• Work instruction: The records below are to be copied exactly, with every picture left out.

• Information provided:
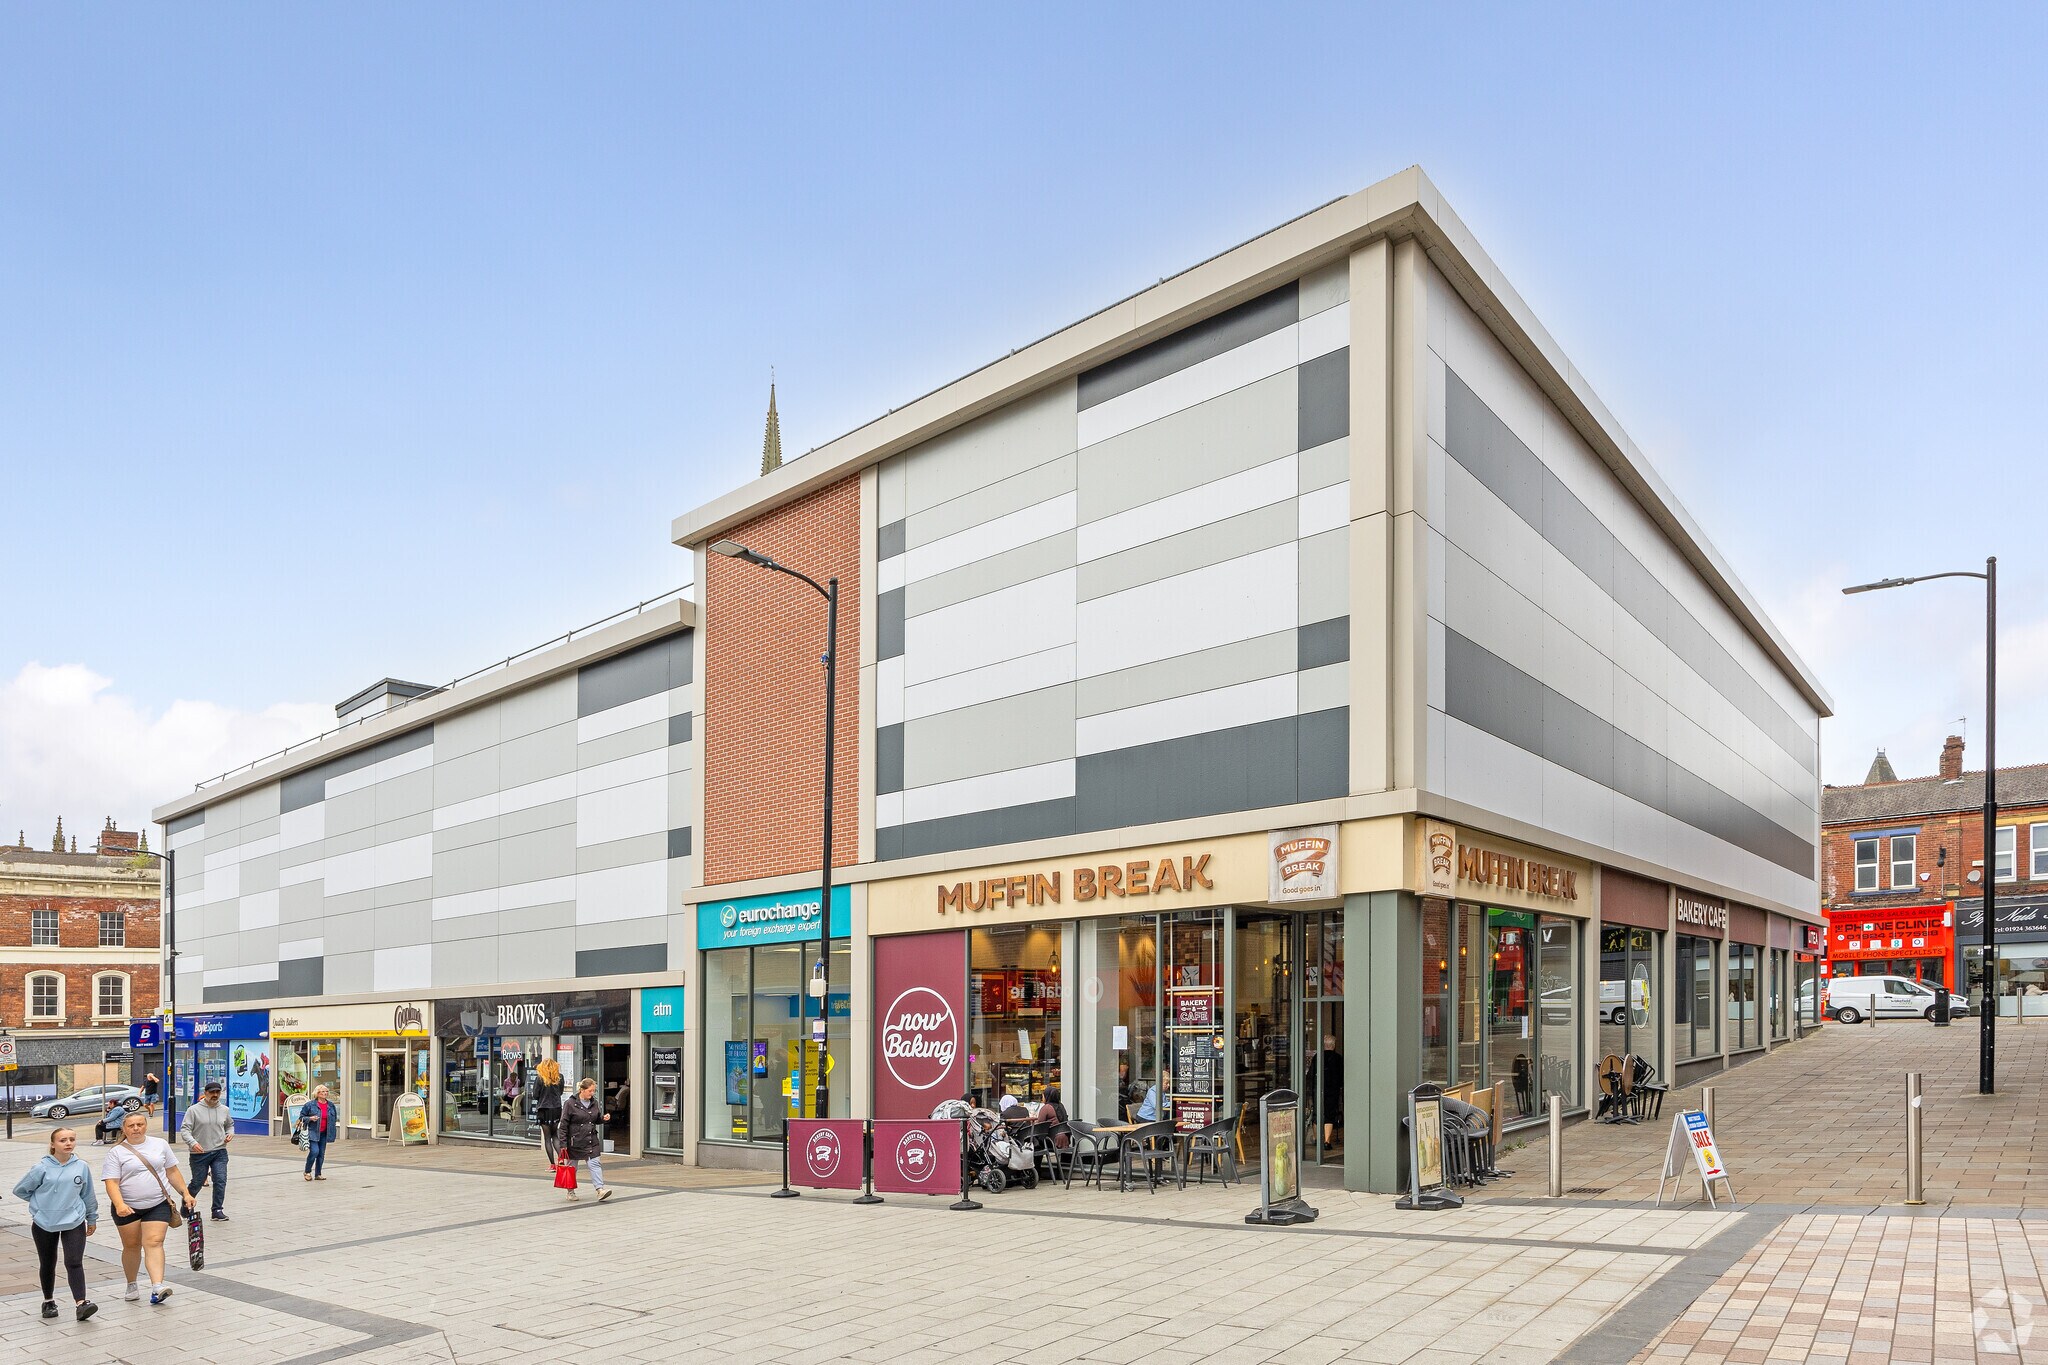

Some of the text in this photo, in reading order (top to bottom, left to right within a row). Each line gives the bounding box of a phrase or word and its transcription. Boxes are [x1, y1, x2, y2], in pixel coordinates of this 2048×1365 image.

[1280, 840, 1324, 854] MUFFIN
[1431, 836, 1451, 847] MUFFIN
[1285, 863, 1320, 874] BREAK
[1433, 857, 1450, 866] BREAK
[1457, 844, 1578, 900] MUFFIN BREAK
[937, 854, 1214, 915] MUFFIN BREAK
[1282, 886, 1298, 894] Good
[1299, 886, 1313, 894] goes
[738, 901, 821, 924] eurochange
[1677, 898, 1727, 929] BAKERY CAFE
[1995, 906, 2039, 922] Nails
[723, 920, 821, 940] your foreign exchange expert
[1895, 919, 1941, 929] CLINIC
[1891, 949, 1943, 957] SPECIALISTS
[497, 1003, 549, 1025] BROWS.
[653, 1002, 672, 1016] atm
[272, 1017, 299, 1029] Quality Bakers
[893, 1011, 946, 1031] now
[1180, 1011, 1208, 1022] CAFE
[140, 1028, 151, 1038] B
[194, 1020, 223, 1034] BoyleSports
[502, 1049, 522, 1061] Brows
[887, 1033, 954, 1066] Baking
[1182, 1111, 1205, 1119] MUFFINS
[1692, 1130, 1713, 1149] SALE
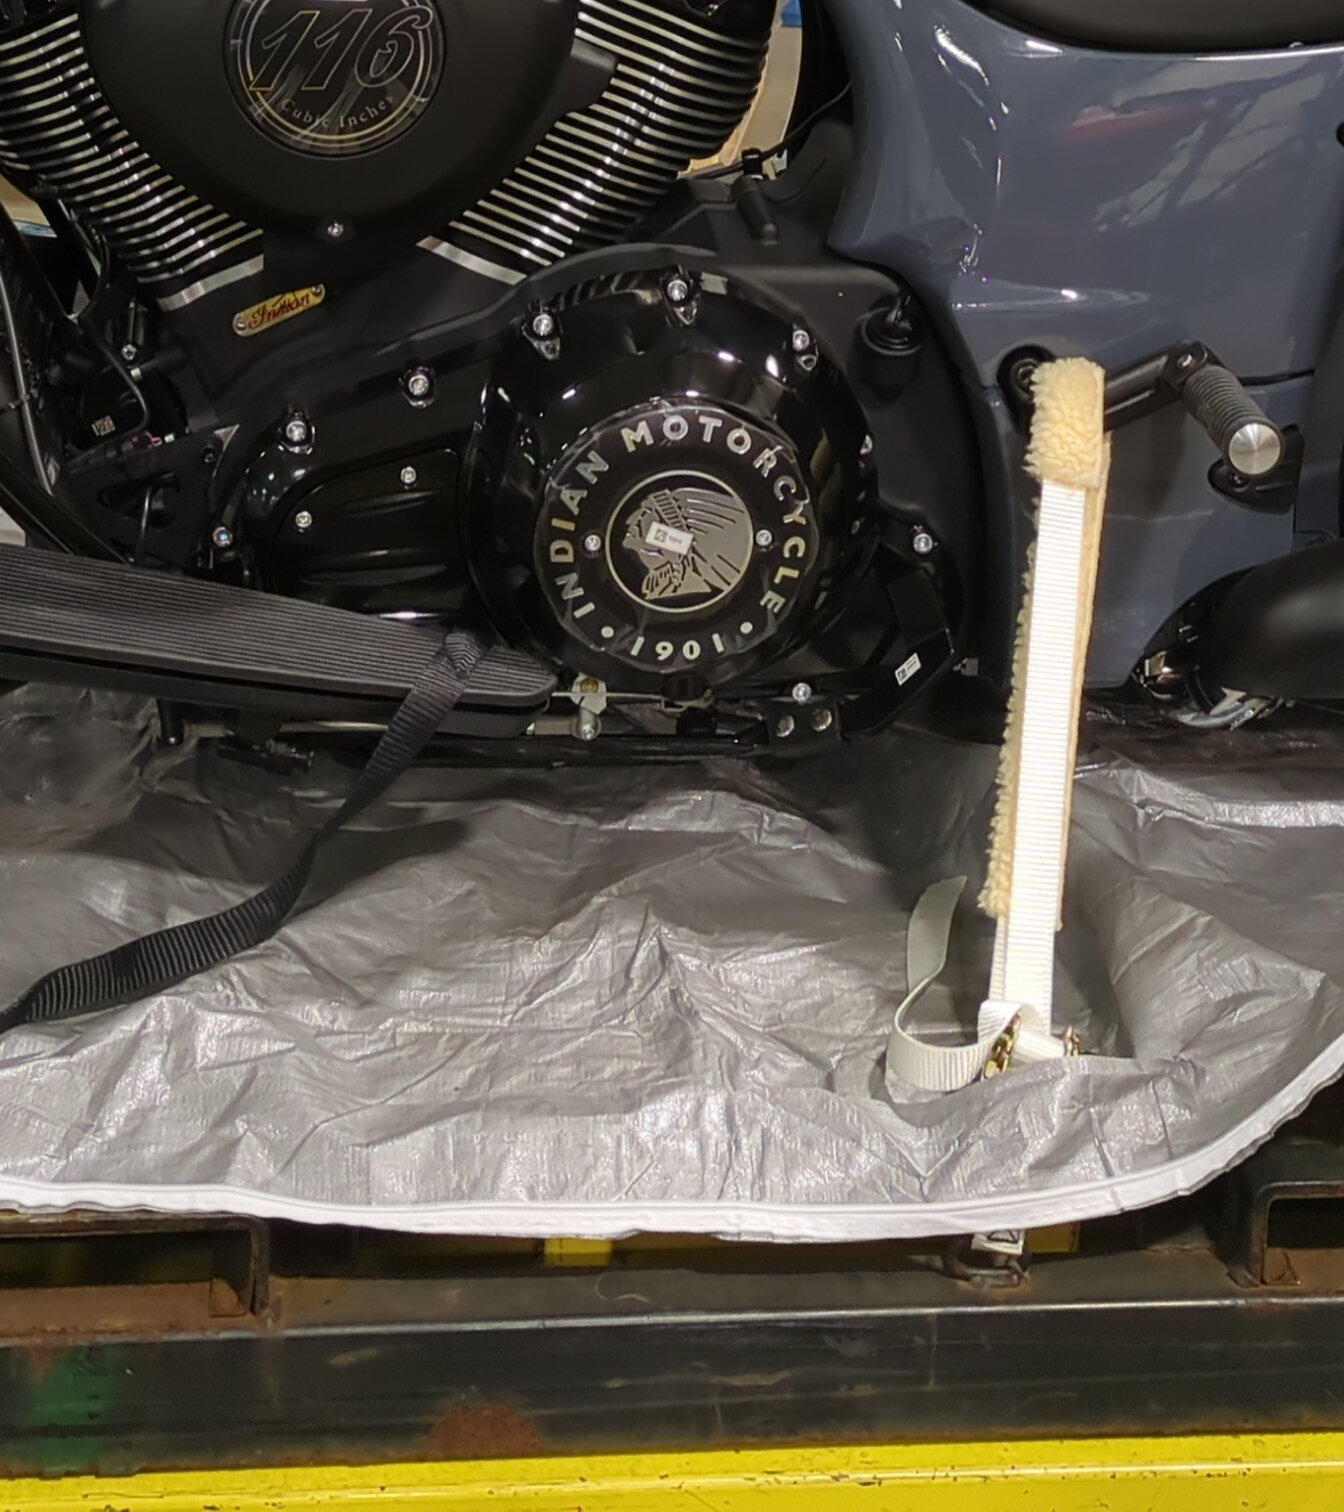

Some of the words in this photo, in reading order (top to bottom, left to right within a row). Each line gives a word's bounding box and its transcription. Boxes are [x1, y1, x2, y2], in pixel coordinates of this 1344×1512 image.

[249, 5, 433, 91] 116
[282, 98, 330, 128] Cubic
[550, 451, 609, 619] INDIAN
[620, 415, 807, 614] MOTORCYCLE
[630, 633, 725, 662] 1901
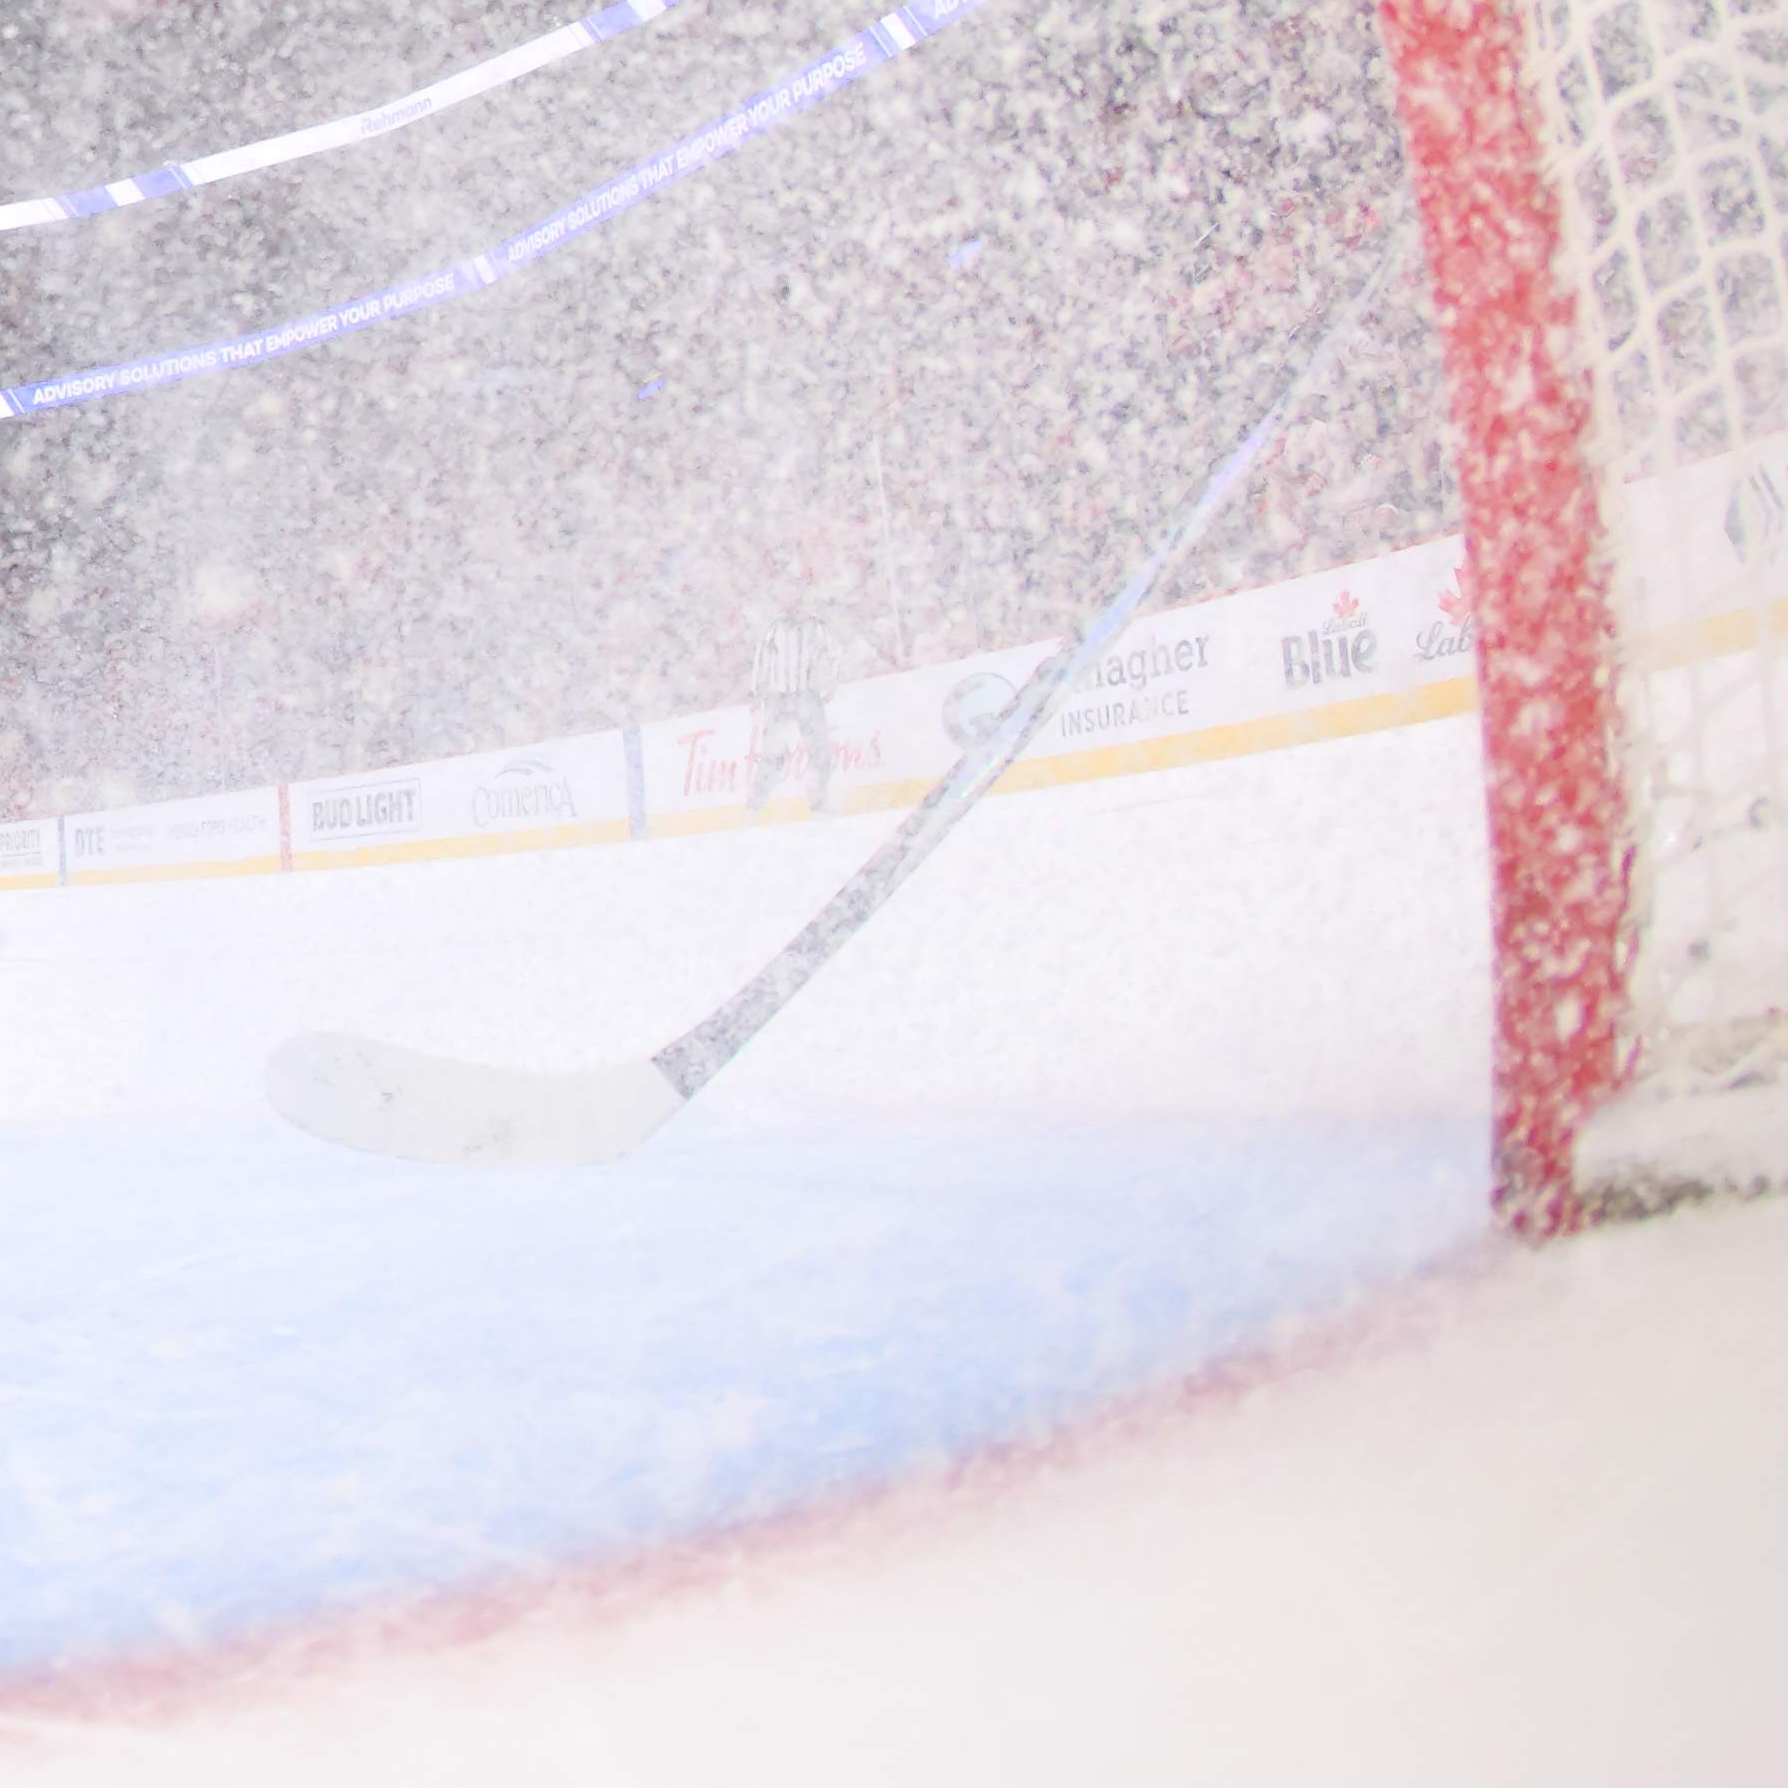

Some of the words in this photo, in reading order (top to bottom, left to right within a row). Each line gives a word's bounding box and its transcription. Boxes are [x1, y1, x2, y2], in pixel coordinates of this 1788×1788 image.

[507, 217, 565, 263] ADVISORY
[639, 154, 675, 192] THAT
[746, 81, 791, 137] YOUR
[792, 42, 868, 103] PURPOSE
[33, 370, 117, 406] ADVISORY
[119, 351, 218, 387] SOLUTIONS
[220, 338, 264, 364] THAT
[264, 313, 339, 351] EMPOWER
[337, 298, 381, 330] YOUR
[381, 273, 455, 315] PURPOSE
[1093, 631, 1211, 690] lagher
[1281, 627, 1379, 689] Blue
[1414, 617, 1473, 663] Lab
[312, 797, 350, 832] BUD
[356, 787, 416, 827] LIGHT

• Written response:
Some of the text in this photo, in reading order (top to bottom, left to right within a row). Each line gives the bounding box of a phrase or word and its transcription. Boxes are [x1, y1, x2, y2], in pixel coordinates of this 2048×1365 image.

[1280, 840, 1324, 854] MUFFIN
[1431, 836, 1451, 847] MUFFIN
[1285, 863, 1320, 874] BREAK
[1433, 857, 1450, 866] BREAK
[1457, 844, 1578, 900] MUFFIN BREAK
[937, 854, 1214, 915] MUFFIN BREAK
[1282, 886, 1298, 894] Good
[1299, 886, 1313, 894] goes
[738, 901, 821, 924] eurochange
[1677, 898, 1727, 929] BAKERY CAFE
[1995, 906, 2039, 922] Nails
[723, 920, 821, 940] your foreign exchange expert
[1895, 919, 1941, 929] CLINIC
[1891, 949, 1943, 957] SPECIALISTS
[497, 1003, 549, 1025] BROWS.
[653, 1002, 672, 1016] atm
[272, 1017, 299, 1029] Quality Bakers
[893, 1011, 946, 1031] now
[1180, 1011, 1208, 1022] CAFE
[140, 1028, 151, 1038] B
[194, 1020, 223, 1034] BoyleSports
[502, 1049, 522, 1061] Brows
[887, 1033, 954, 1066] Baking
[1182, 1111, 1205, 1119] MUFFINS
[1692, 1130, 1713, 1149] SALE

Some of the words in this photo, in reading order (top to bottom, left to right within a row). Each line gives a word's bounding box and its transcription. Boxes are [x1, y1, x2, y2], in pixel coordinates of this 1344×1512 image.

[249, 5, 433, 91] 116
[282, 98, 330, 128] Cubic
[550, 451, 609, 619] INDIAN
[620, 415, 807, 614] MOTORCYCLE
[630, 633, 725, 662] 1901

Some of the words in this photo, in reading order (top to bottom, left to right within a row). Each line gives a word's bounding box and its transcription. Boxes are [x1, y1, x2, y2], in pixel coordinates of this 1788×1788 image.

[507, 217, 565, 263] ADVISORY
[639, 154, 675, 192] THAT
[746, 81, 791, 137] YOUR
[792, 42, 868, 103] PURPOSE
[33, 370, 117, 406] ADVISORY
[119, 351, 218, 387] SOLUTIONS
[220, 338, 264, 364] THAT
[264, 313, 339, 351] EMPOWER
[337, 298, 381, 330] YOUR
[381, 273, 455, 315] PURPOSE
[1093, 631, 1211, 690] lagher
[1281, 627, 1379, 689] Blue
[1414, 617, 1473, 663] Lab
[312, 797, 350, 832] BUD
[356, 787, 416, 827] LIGHT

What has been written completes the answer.